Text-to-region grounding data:
§
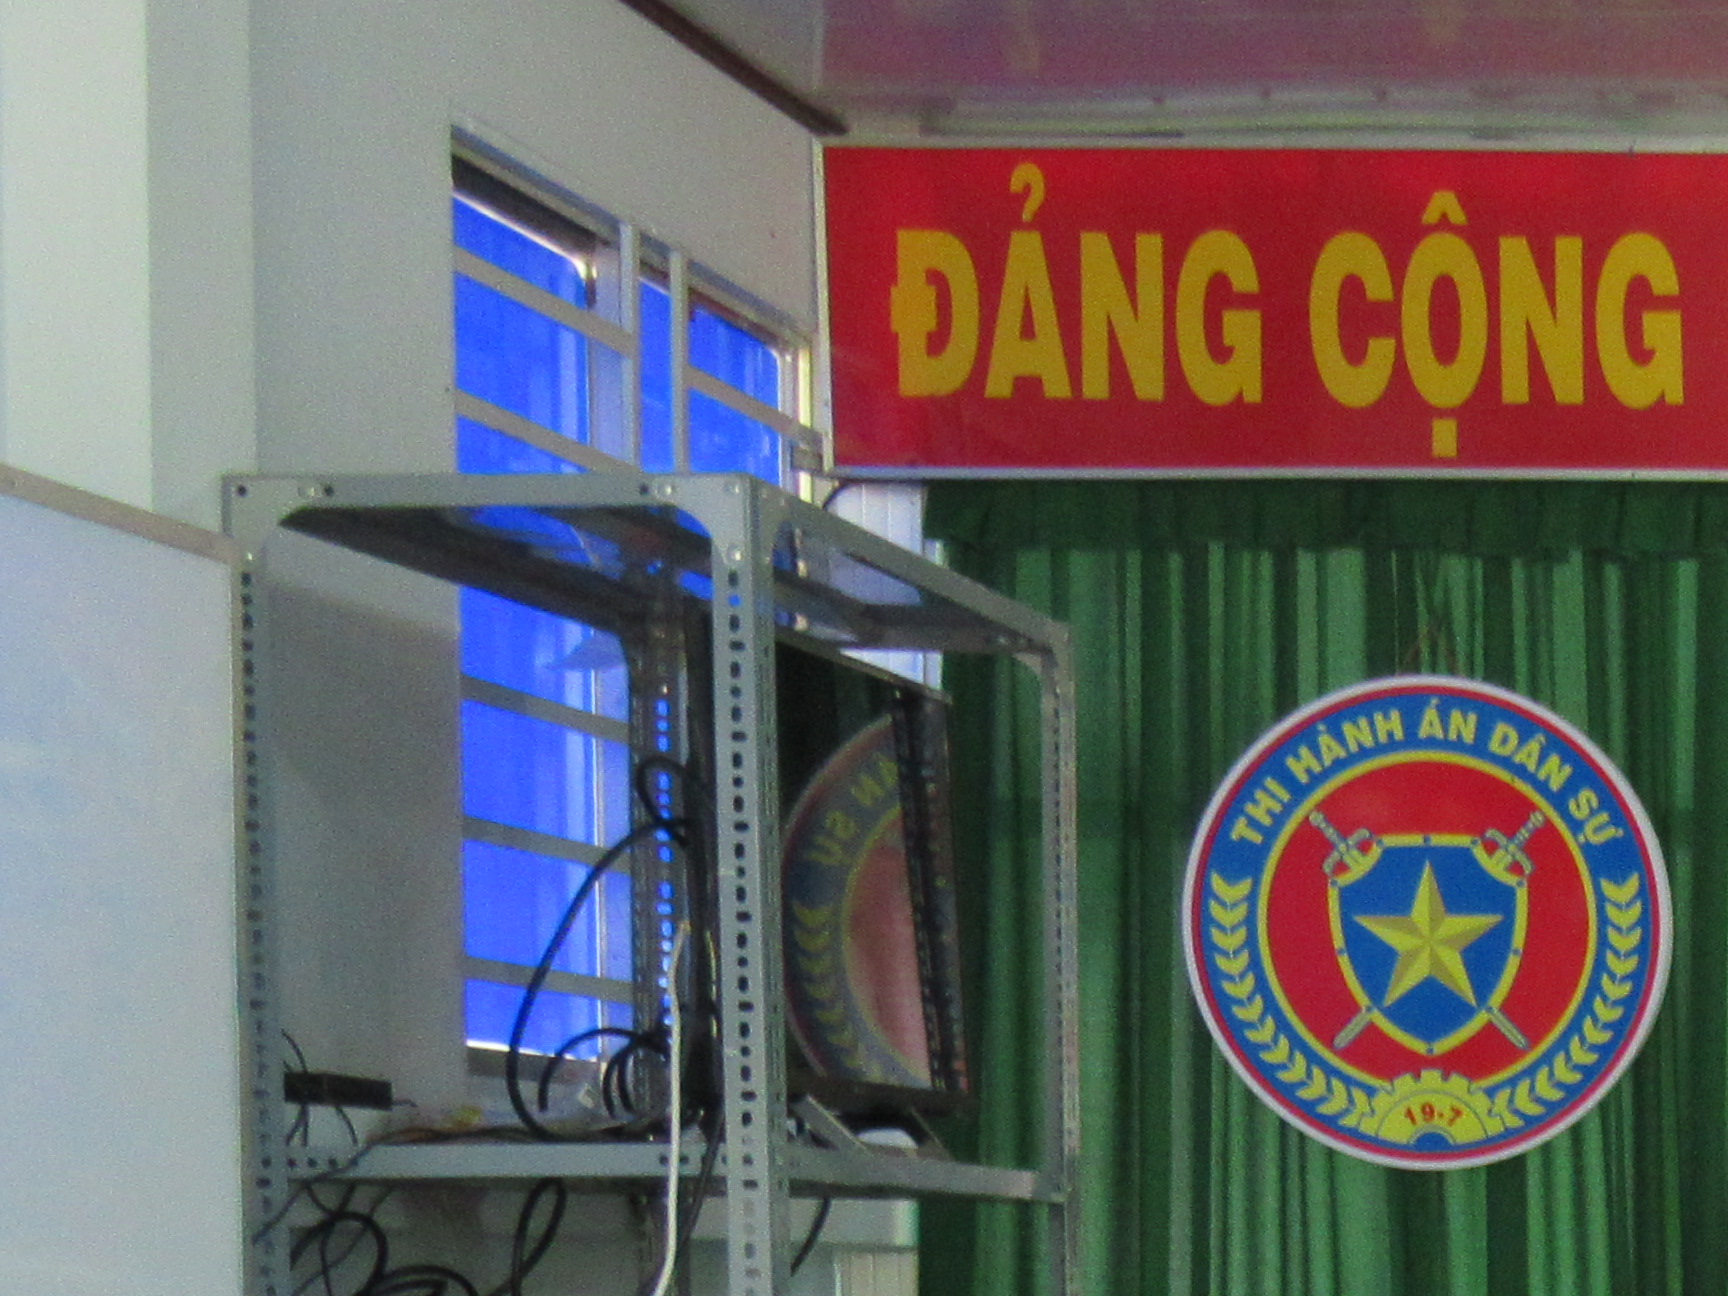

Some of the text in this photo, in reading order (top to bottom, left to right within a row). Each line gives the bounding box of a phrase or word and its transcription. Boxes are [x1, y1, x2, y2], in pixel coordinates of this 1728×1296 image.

[890, 166, 1262, 405] ĐẢNG
[1309, 191, 1684, 457] CỘNG
[1230, 776, 1292, 844] THI
[1418, 698, 1479, 745] ÁN
[1488, 721, 1574, 792] DÂN
[1568, 788, 1625, 846] SỰ
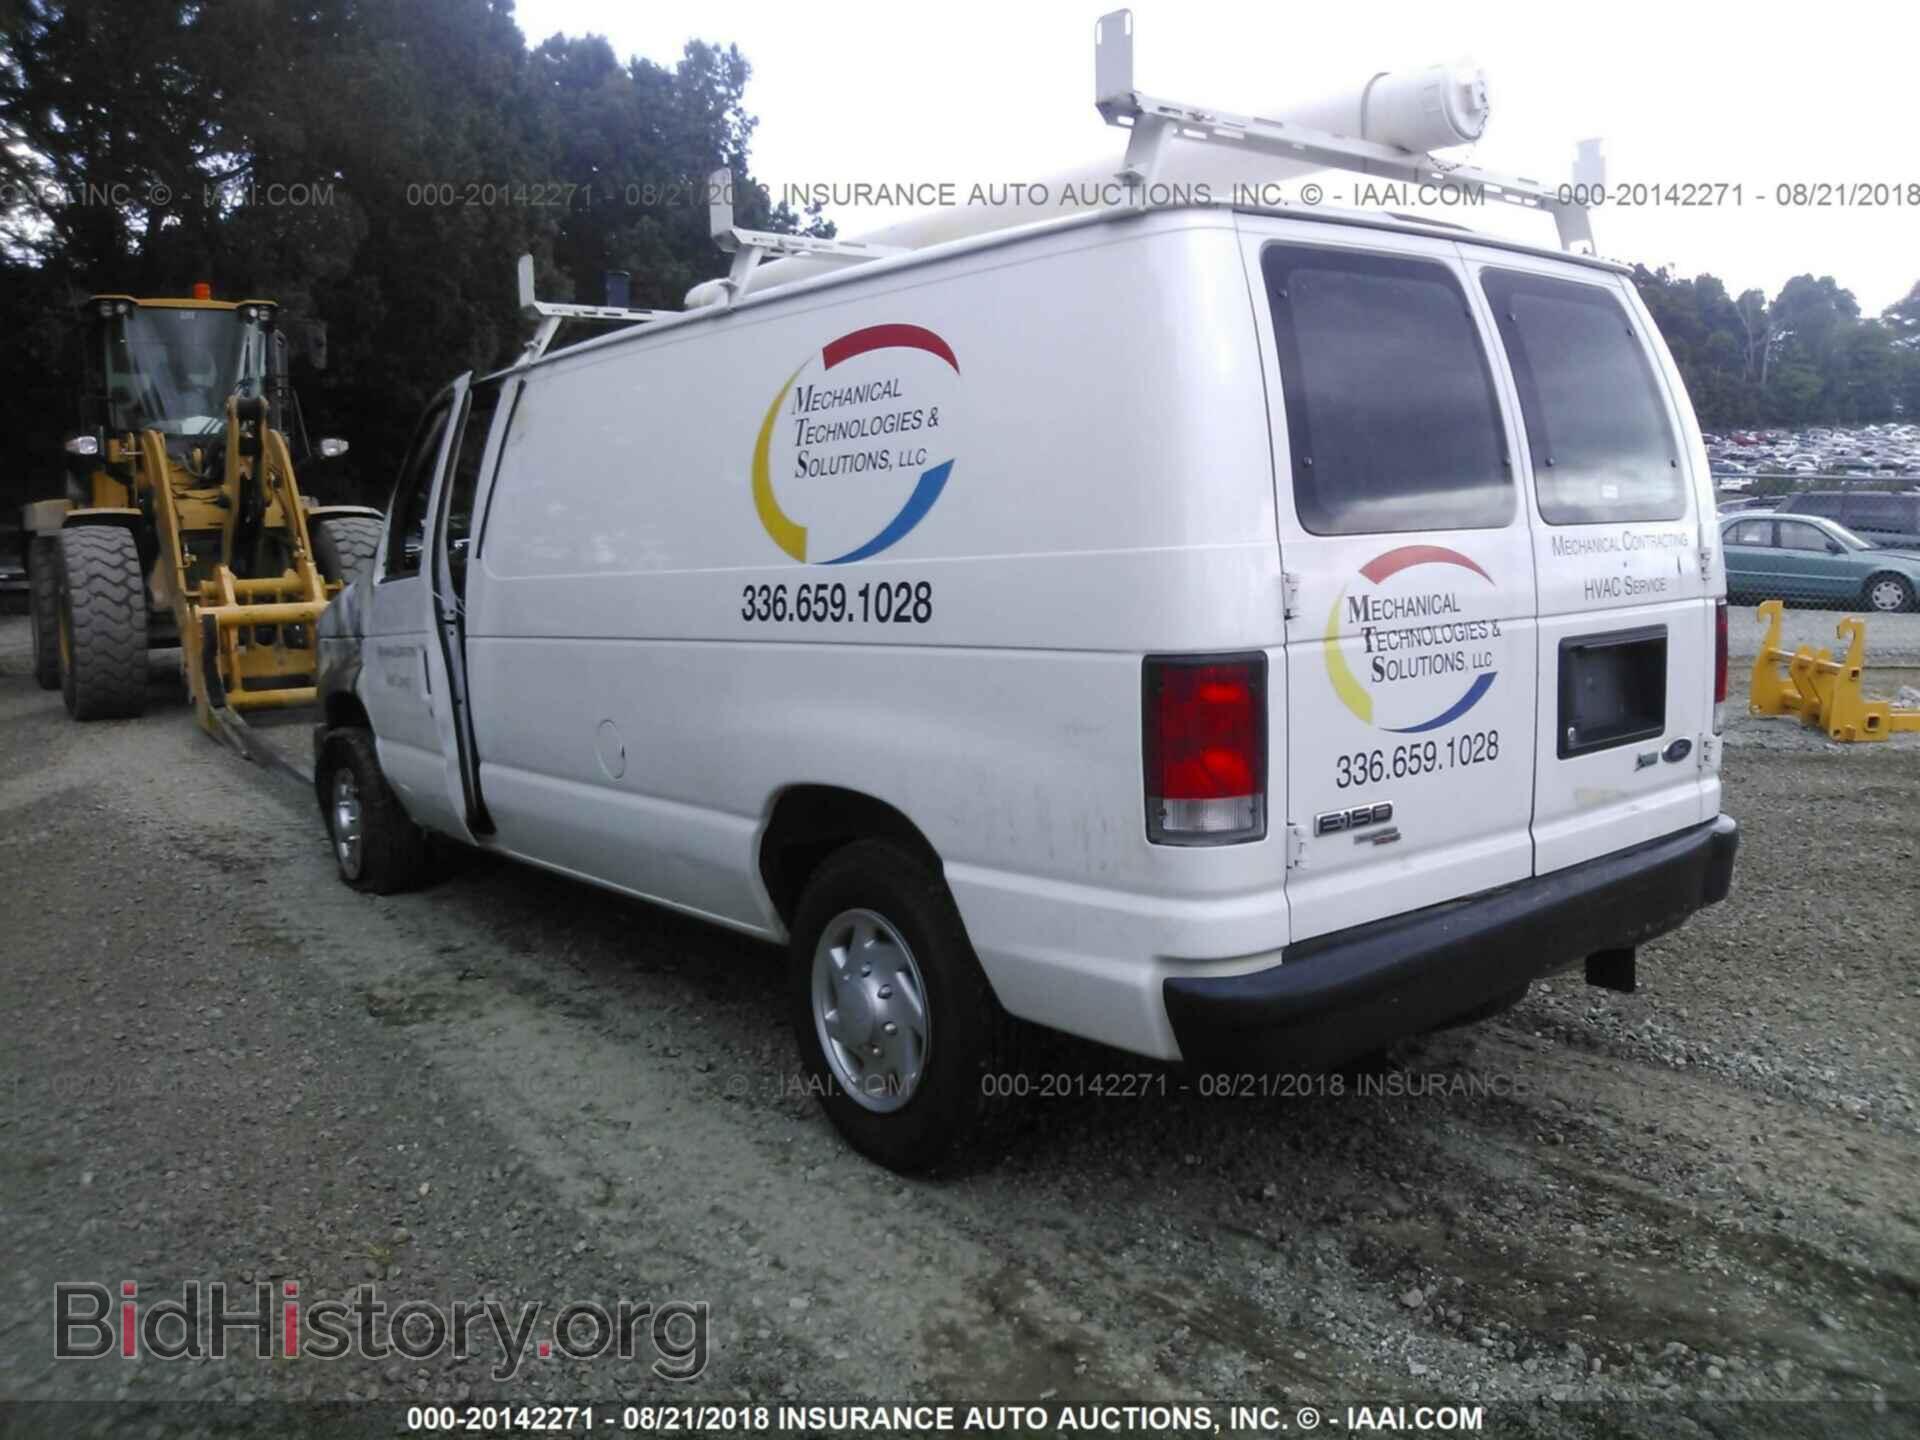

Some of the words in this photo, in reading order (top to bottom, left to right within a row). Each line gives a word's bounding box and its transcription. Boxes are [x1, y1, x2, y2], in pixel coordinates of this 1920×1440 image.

[927, 406, 939, 428] &
[899, 448, 927, 467] LLC
[1585, 576, 1621, 600] HVAC
[742, 580, 933, 624] 336.659.1028
[1473, 651, 1492, 668] LLC
[1336, 730, 1499, 789] 336.659.1028
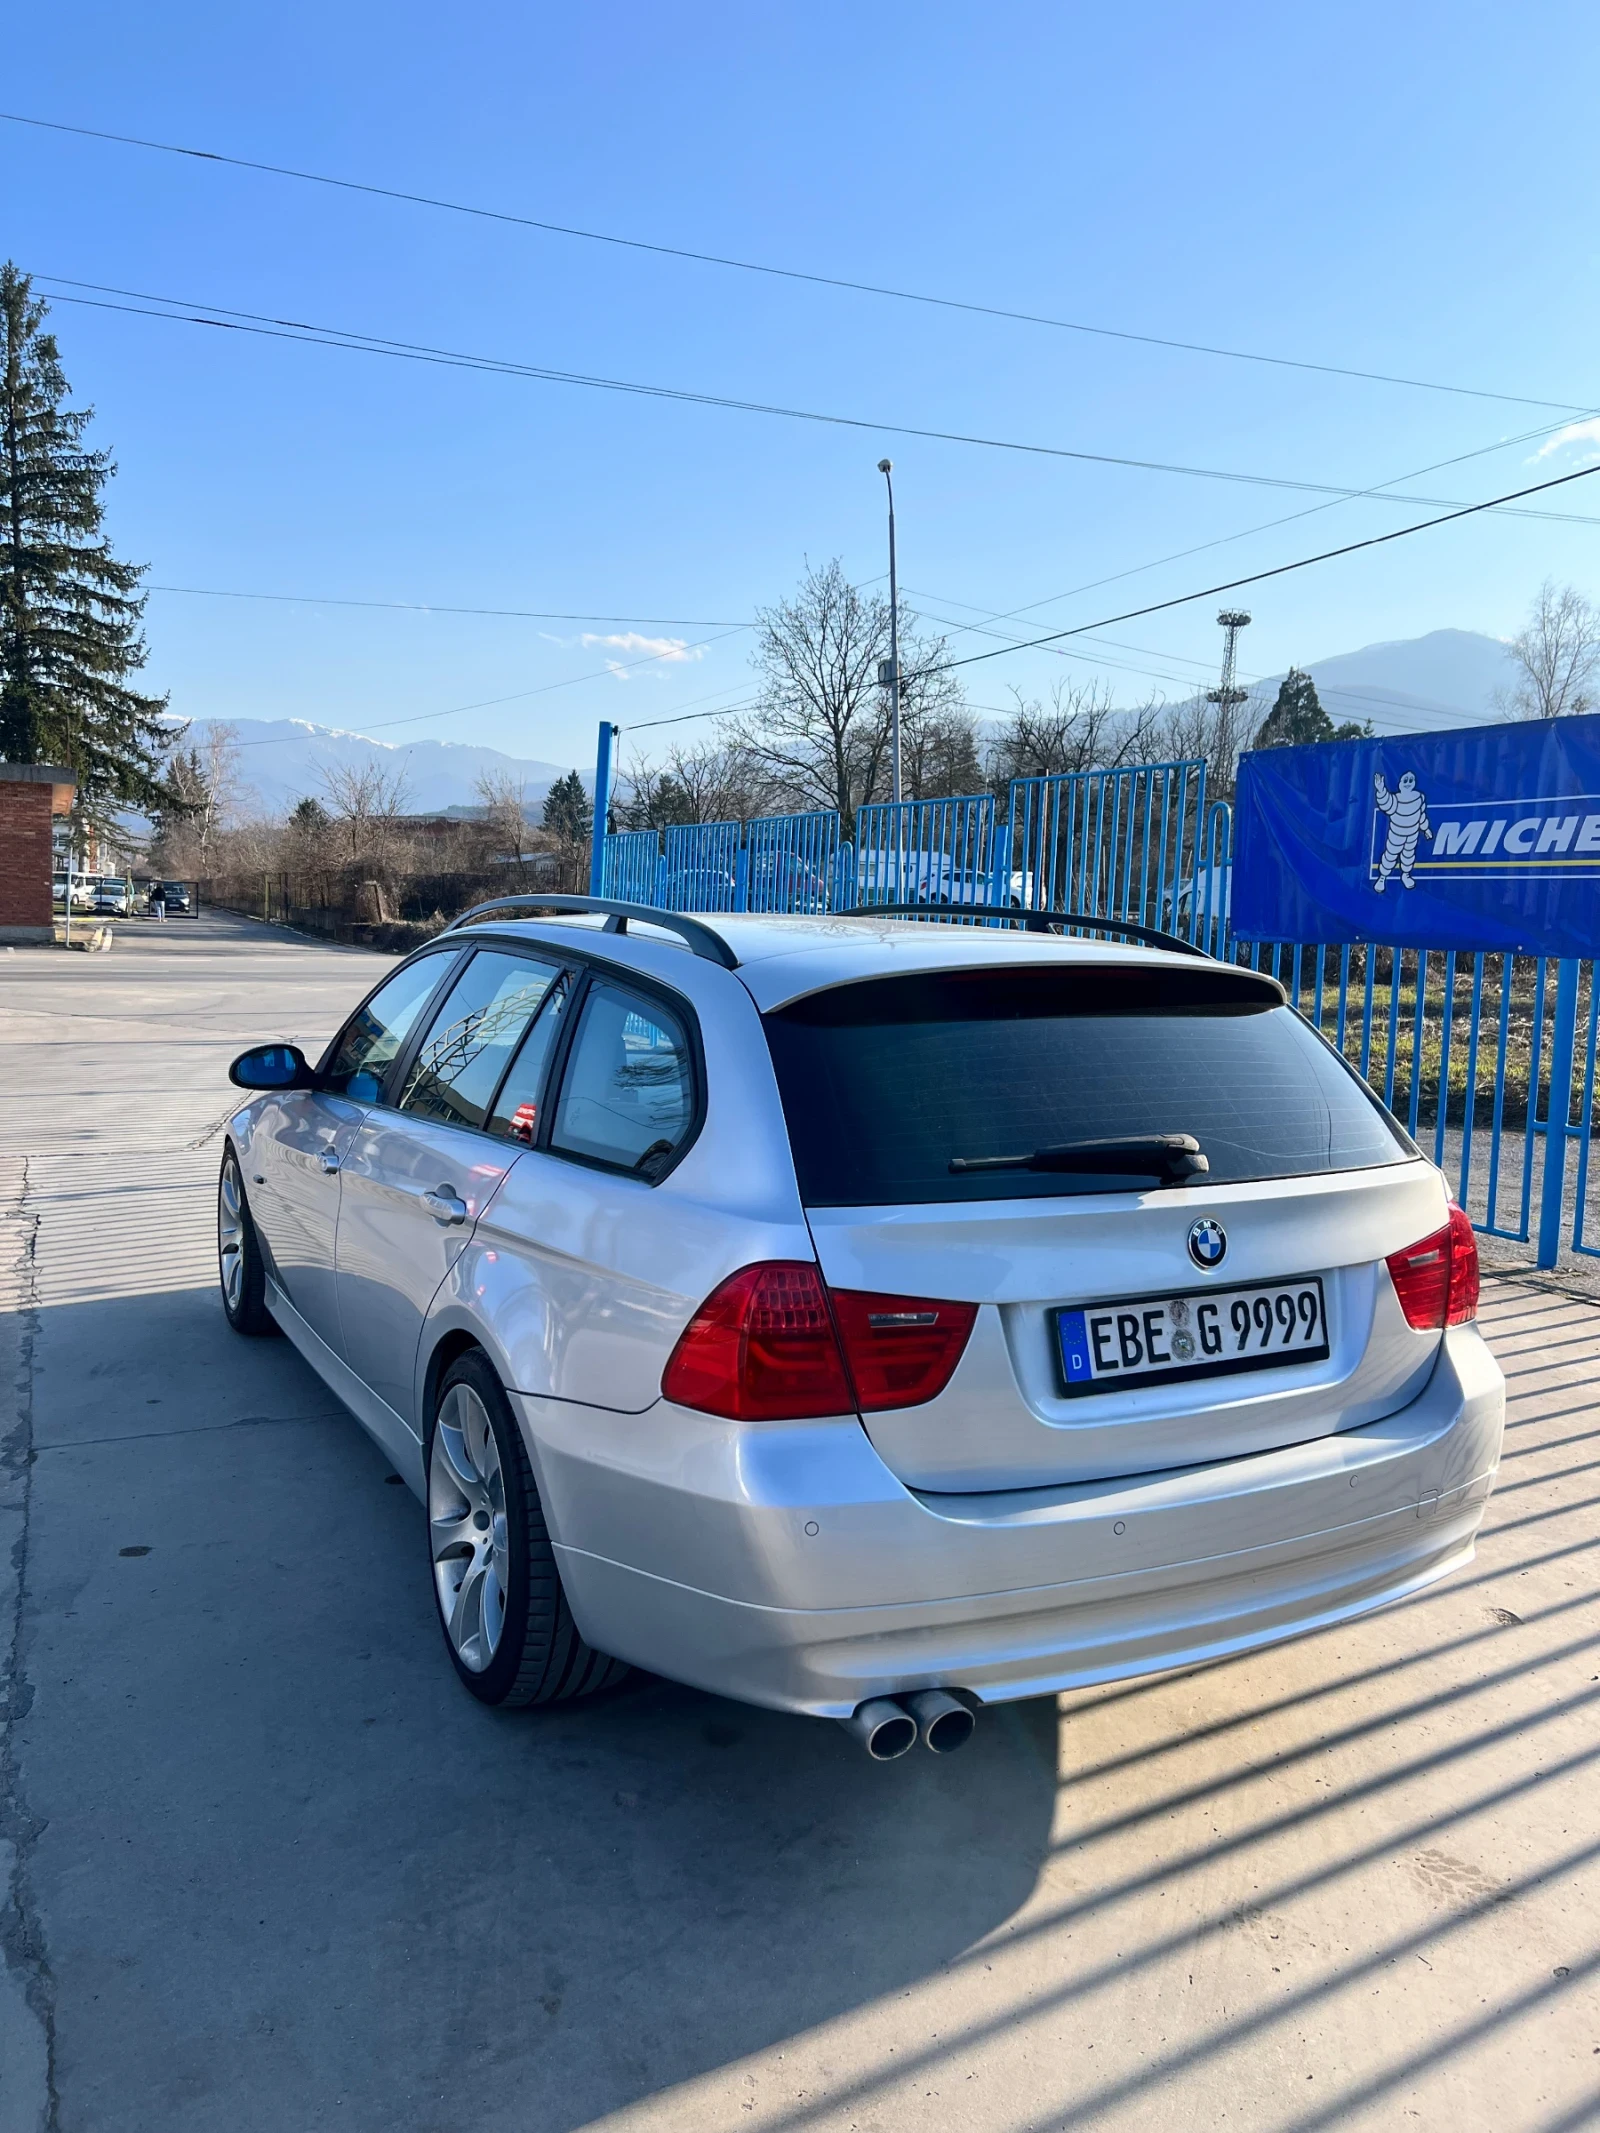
§
Task details
Leaving the pictures out, transcribe the entries above exactly as written.

Answer to the exercise
Some of the text in this photo, in reading order (top to bottom, left to right within a row). Each line gives the bounding box of a phrase or word and its transcription. Boxes are [x1, y1, x2, y2], in pixel coordinates of this 1728×1296 image.

[890, 166, 1262, 405] ĐẢNG
[1309, 191, 1684, 457] CỘNG
[1230, 776, 1292, 844] THI
[1418, 698, 1479, 745] ÁN
[1488, 721, 1574, 792] DÂN
[1568, 788, 1625, 846] SỰ

Some of the words in this photo, in reading order (top to bottom, left to right within a row). Each line gives a word's bounding box and its transcription. Boxes are [x1, y1, x2, y2], in pixel coordinates of this 1920×1440 image.

[927, 406, 939, 428] &
[899, 448, 927, 467] LLC
[1585, 576, 1621, 600] HVAC
[742, 580, 933, 624] 336.659.1028
[1473, 651, 1492, 668] LLC
[1336, 730, 1499, 789] 336.659.1028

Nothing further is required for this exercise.